## [Material for this exercise]
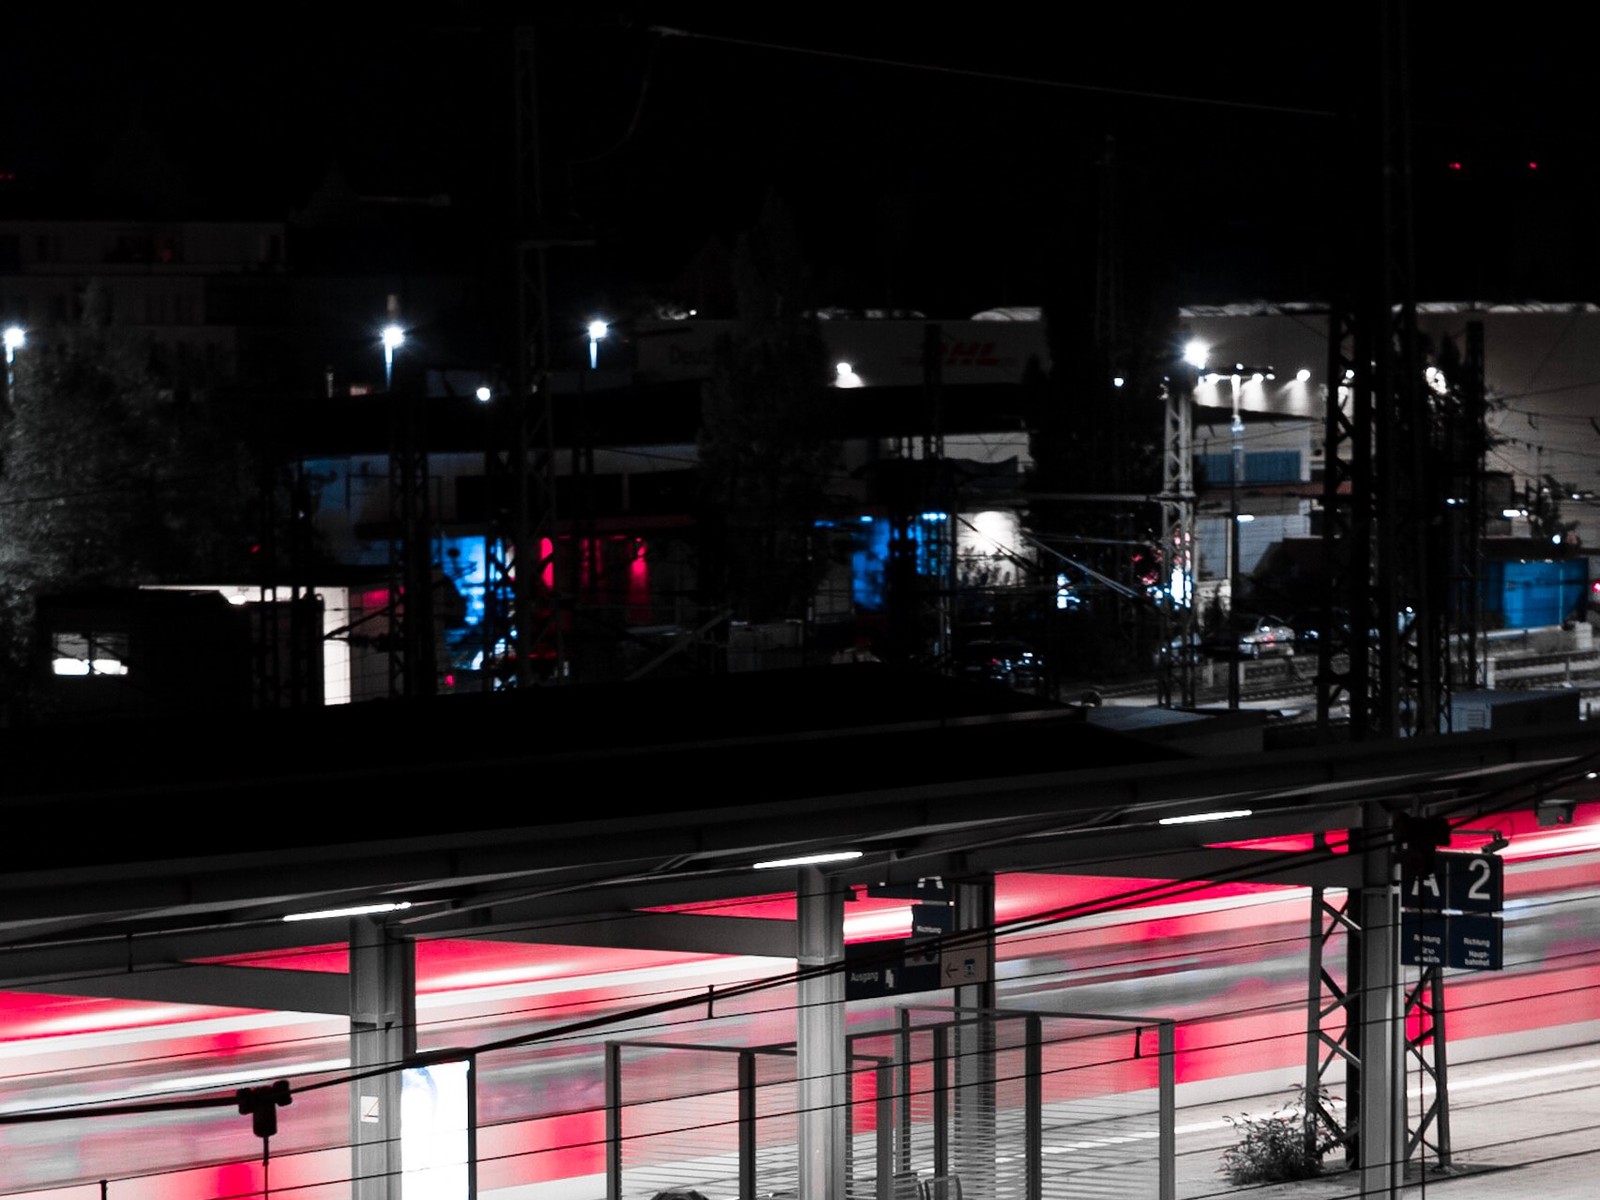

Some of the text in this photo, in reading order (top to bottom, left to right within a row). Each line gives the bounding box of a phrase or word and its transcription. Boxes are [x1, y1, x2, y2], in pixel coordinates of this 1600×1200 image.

[1468, 858, 1491, 900] 2
[1413, 934, 1441, 945] Rihtung
[1463, 937, 1491, 948] Richtung
[1464, 958, 1490, 967] bahnhof
[850, 972, 879, 983] Ausgang

## [What to work on]
Copy the entries precisely, images excluded.

## [Answer to this problem]
Some of the text in this photo, in reading order (top to bottom, left to right within a row). Each line gives the bounding box of a phrase or word and its transcription. Boxes are [x1, y1, x2, y2], in pixel coordinates of this 1600×1200 image.

[1468, 858, 1491, 900] 2
[1413, 934, 1441, 945] Rihtung
[1463, 937, 1491, 948] Richtung
[1464, 958, 1490, 967] bahnhof
[850, 972, 879, 983] Ausgang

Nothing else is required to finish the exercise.